Content starts

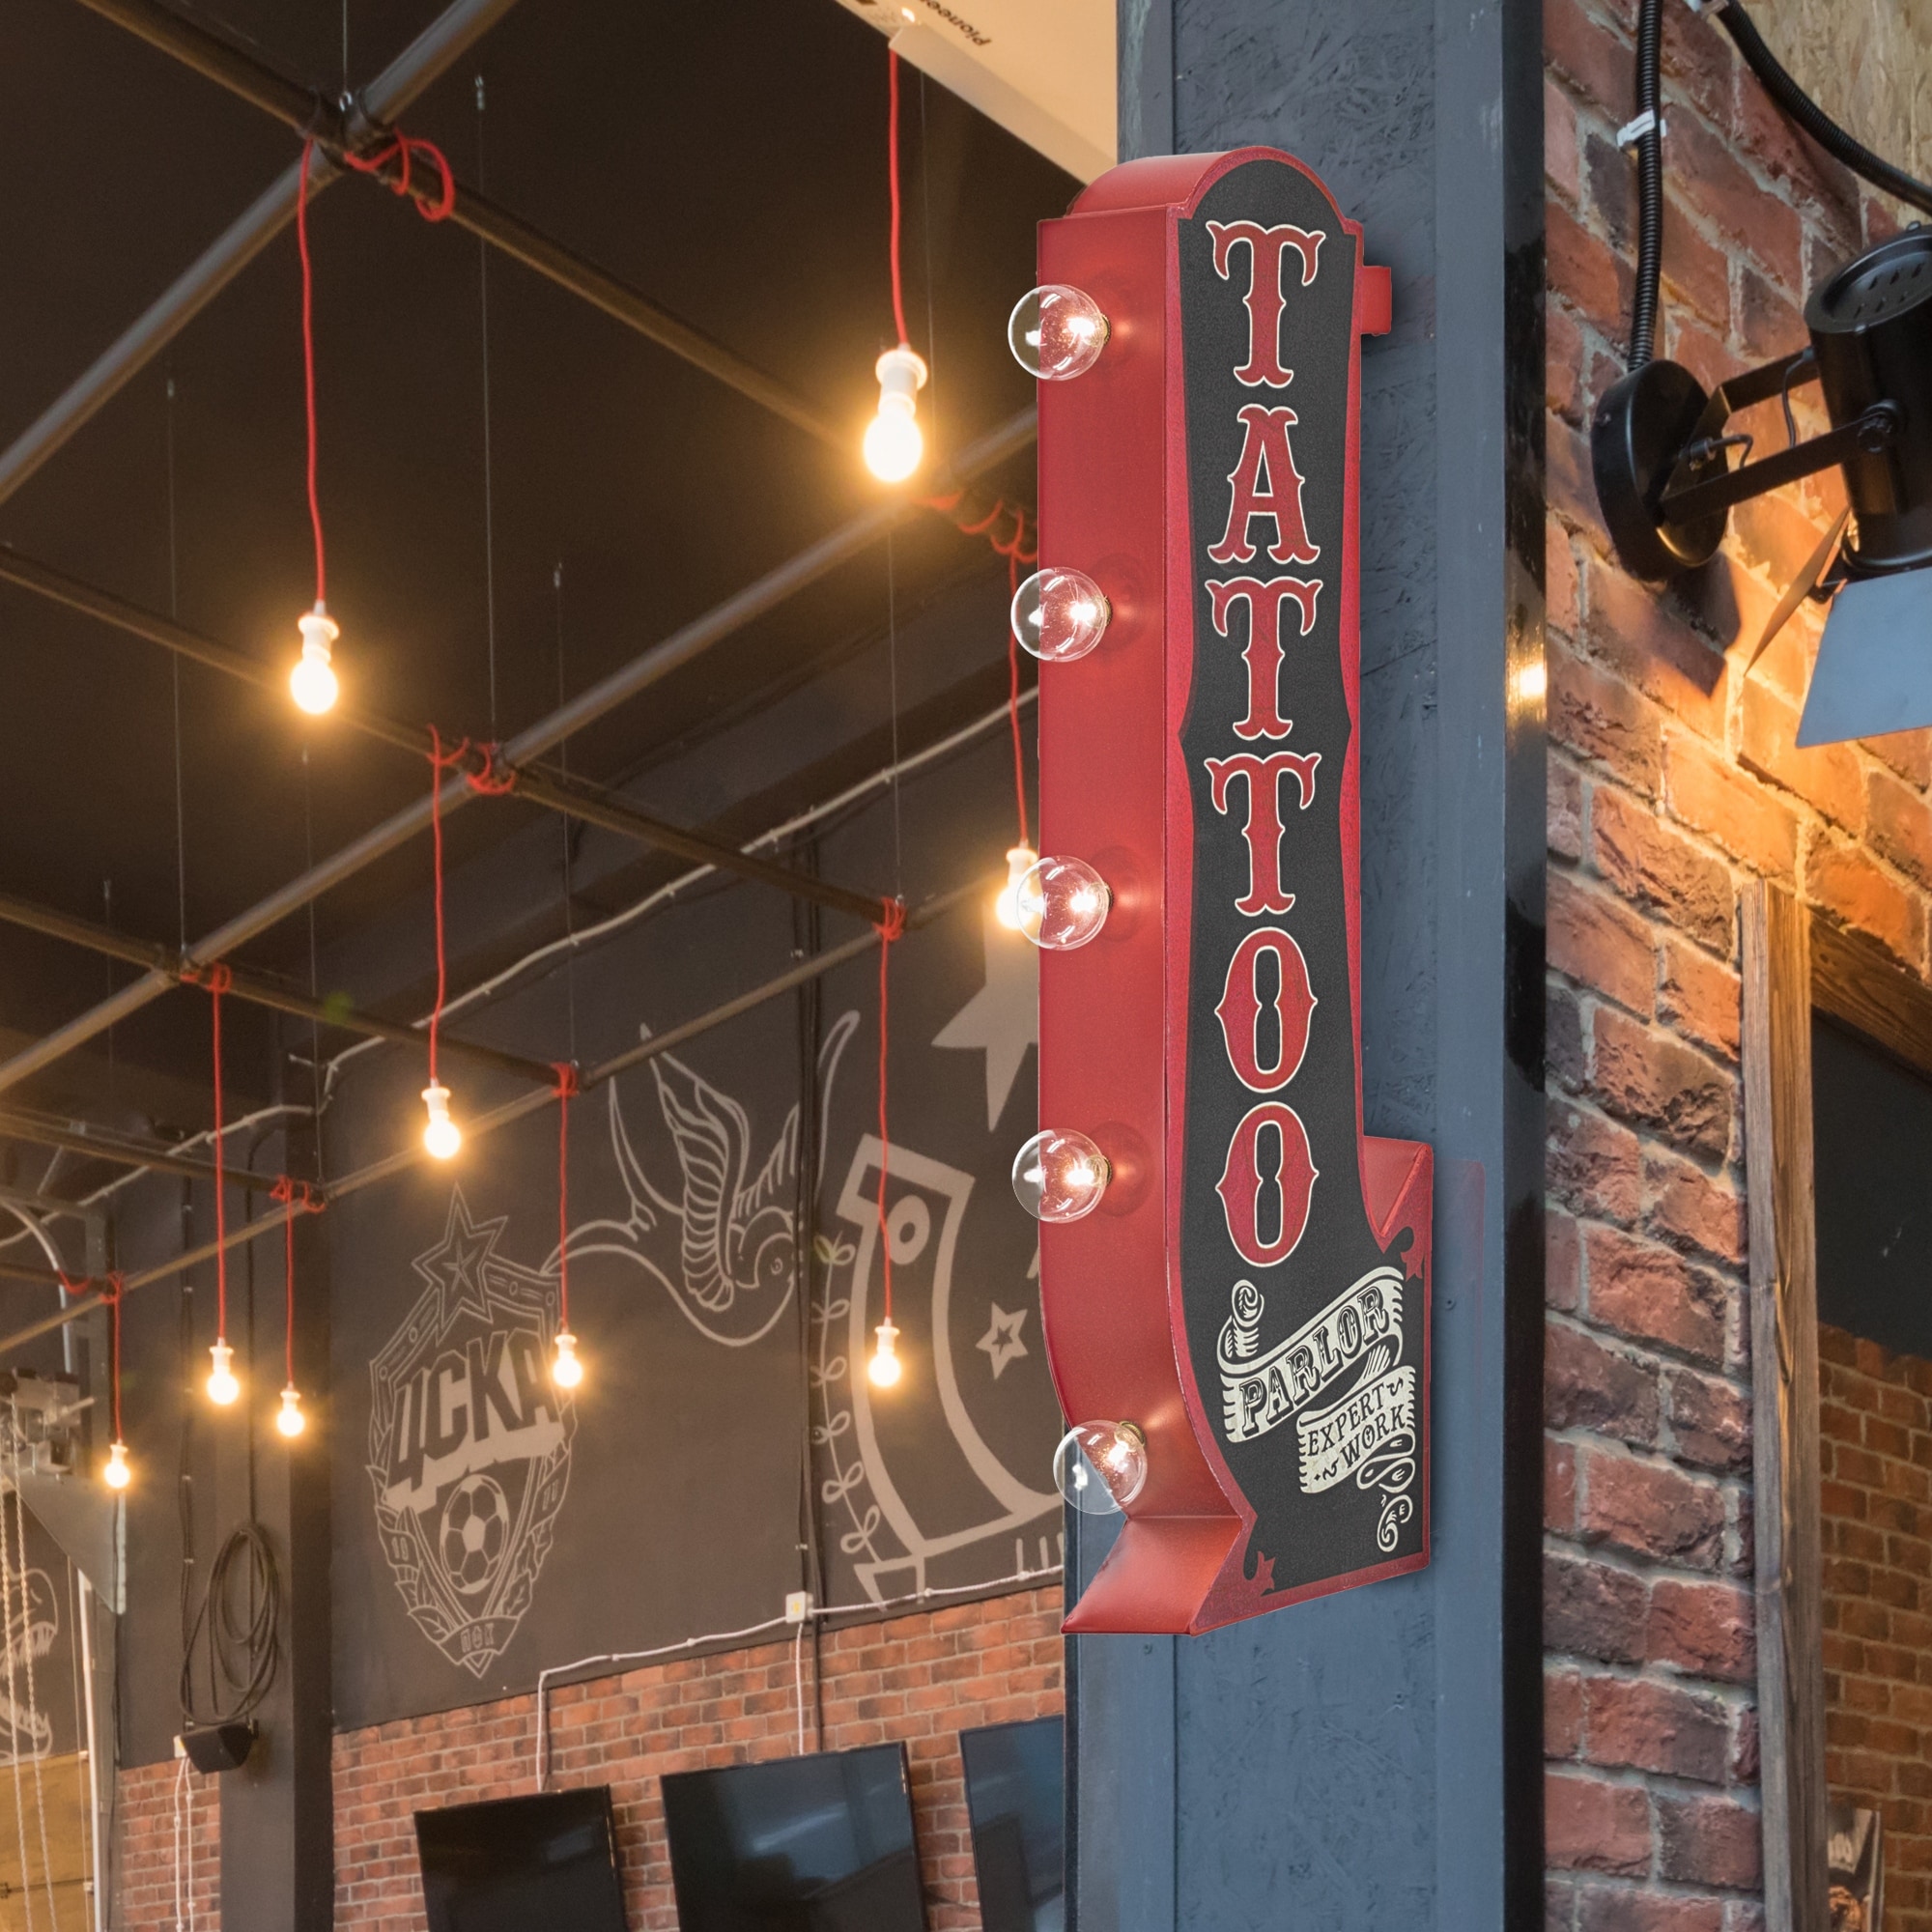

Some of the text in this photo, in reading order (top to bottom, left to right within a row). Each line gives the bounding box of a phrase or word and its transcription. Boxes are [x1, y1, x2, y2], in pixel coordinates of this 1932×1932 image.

[920, 0, 991, 46] Pionee
[1205, 220, 1326, 1267] TATTOO
[386, 1327, 560, 1493] ЦСКА
[1239, 1286, 1390, 1438] PARLOR
[1307, 1381, 1386, 1458] EXPERT
[1340, 1403, 1406, 1469] WORK

Content ends

• _TASK TO COMPLETE_
Write out the records once more, exactly as they stand, with no images.

• _RESPONSE_
Some of the text in this photo, in reading order (top to bottom, left to right within a row). Each line gives the bounding box of a phrase or word and its transcription. Boxes are [x1, y1, x2, y2], in pixel coordinates of this 1932×1932 image.

[920, 0, 991, 46] Pionee
[1205, 220, 1326, 1267] TATTOO
[386, 1327, 560, 1493] ЦСКА
[1239, 1286, 1390, 1438] PARLOR
[1307, 1381, 1386, 1458] EXPERT
[1340, 1403, 1406, 1469] WORK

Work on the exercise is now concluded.